You're building with AI. You've heard about prompts. You've heard about agents. Now everyone's talking about skills. Claude Code has .claude/skills/. Cursor has similar concepts. Every AI coding tool is adopting some version of the pattern.
But what actually is a skill? How is it different from a prompt? Where does an agent fit? And which one should you use for your specific problem?
This article cuts through the confusion. No marketing fluff, no hand-waving — just clear definitions, concrete examples, and a decision framework for choosing the right tool.
A prompt is a natural language instruction sent to an AI model.
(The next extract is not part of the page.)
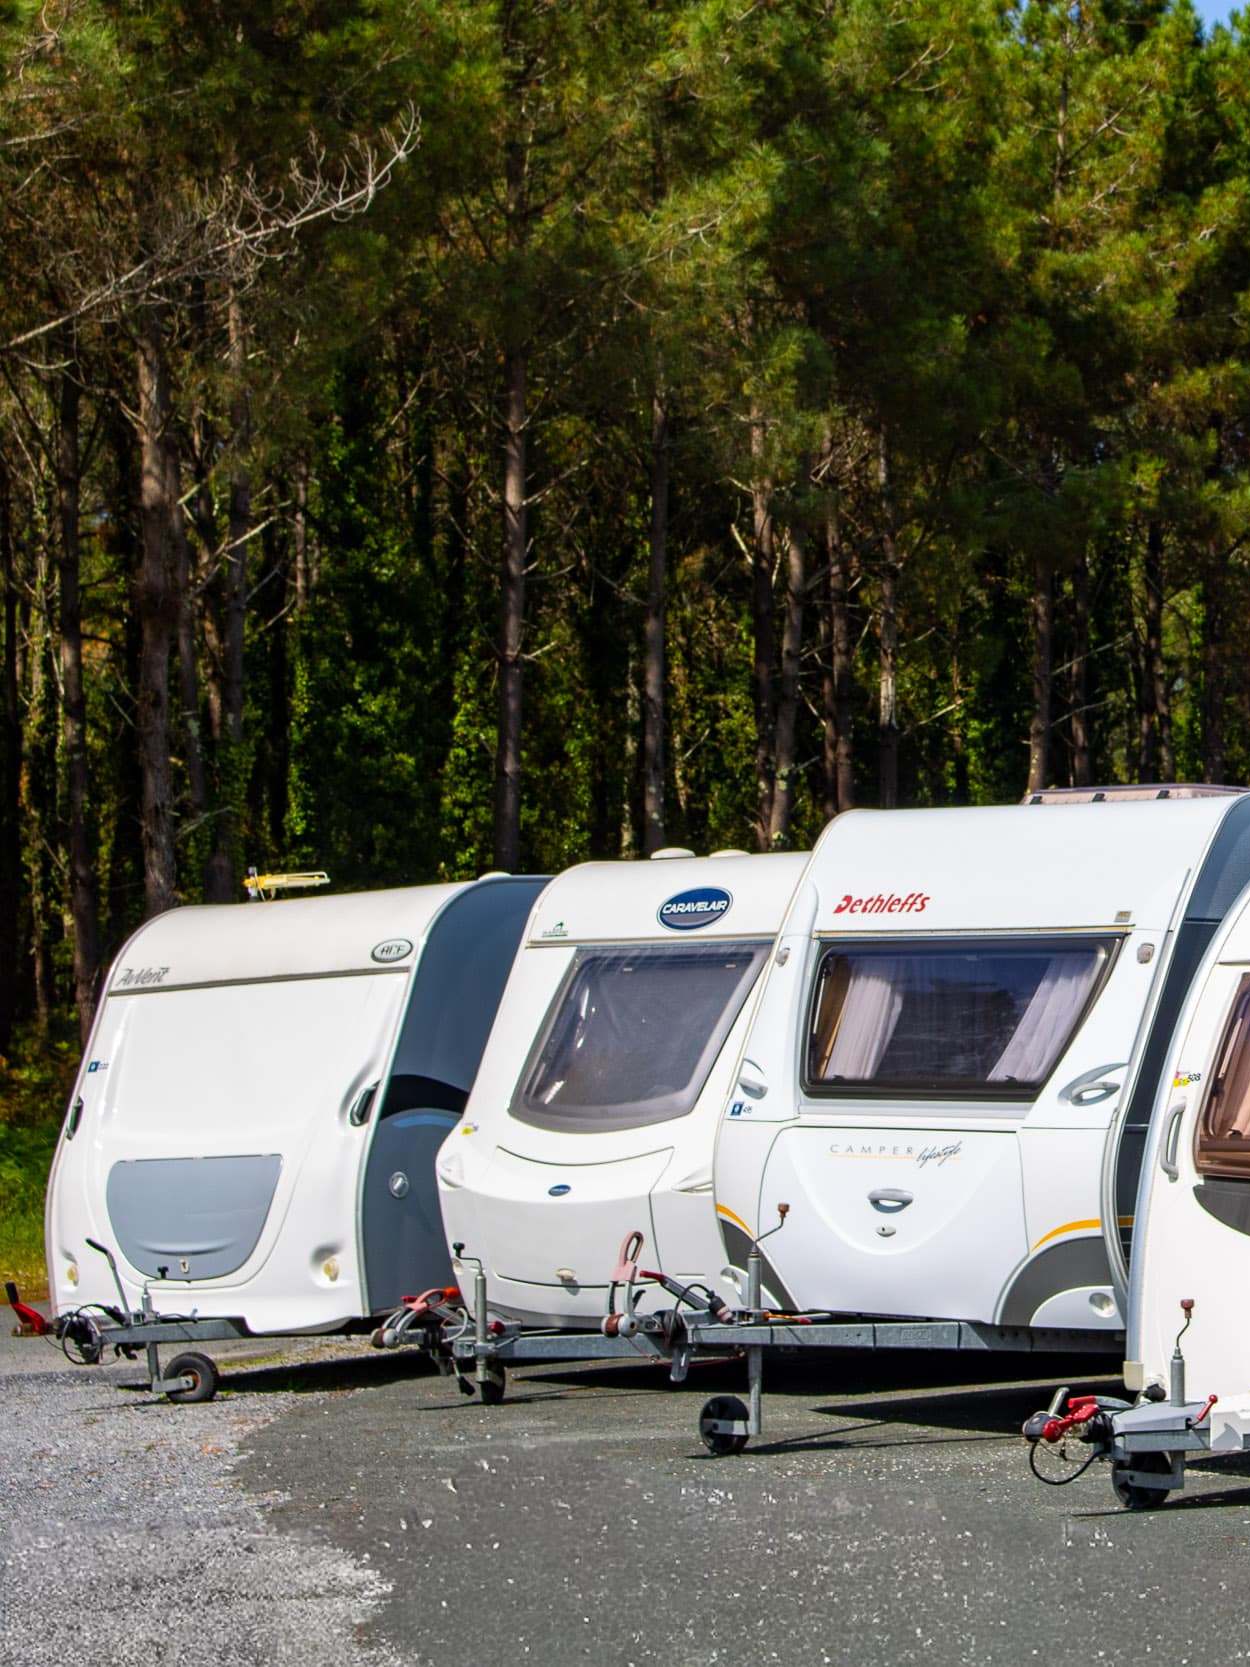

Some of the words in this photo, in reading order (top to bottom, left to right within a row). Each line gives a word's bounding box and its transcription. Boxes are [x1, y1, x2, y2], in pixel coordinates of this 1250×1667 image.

[662, 900, 728, 914] CARAVELAIR
[832, 892, 931, 914] Dethleffs
[829, 1144, 914, 1155] CAMPER
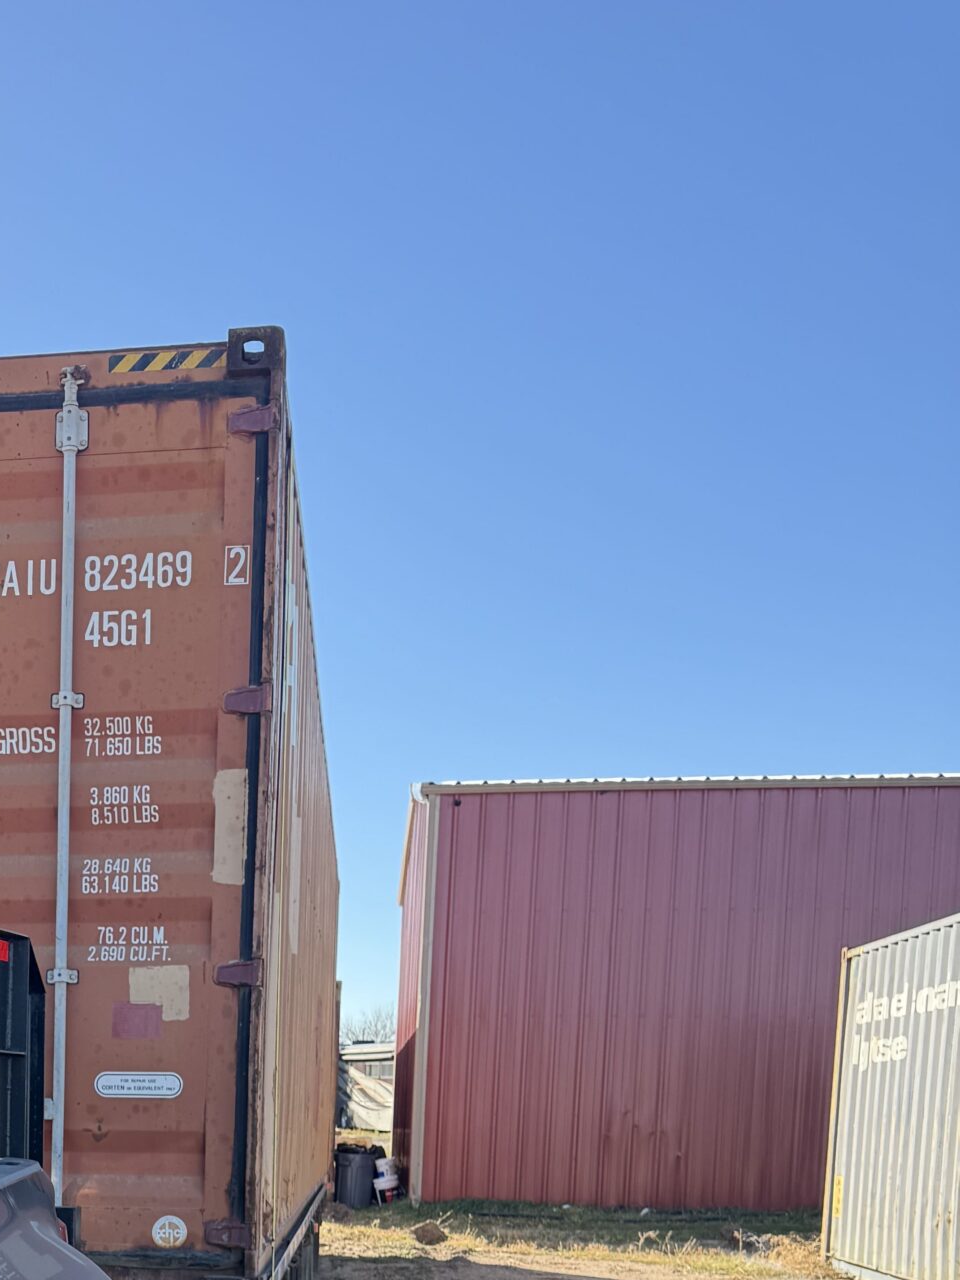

It can be a question, a command, or a description of what you want.
Write a function that validates email addresses using regex.
That's a prompt. It's immediate, one-shot, and context-dependent. The model reads it, generates a response, and the interaction is complete.
Characteristics of prompts:
Stateless — no memory between invocations
Unstructured — free-form text
Single-turn or multi-turn conversation
No defined workflow or steps
No tool integration by default
Quality depends heavily on phrasing
Prompts are the foundation. Everything else builds on top of them.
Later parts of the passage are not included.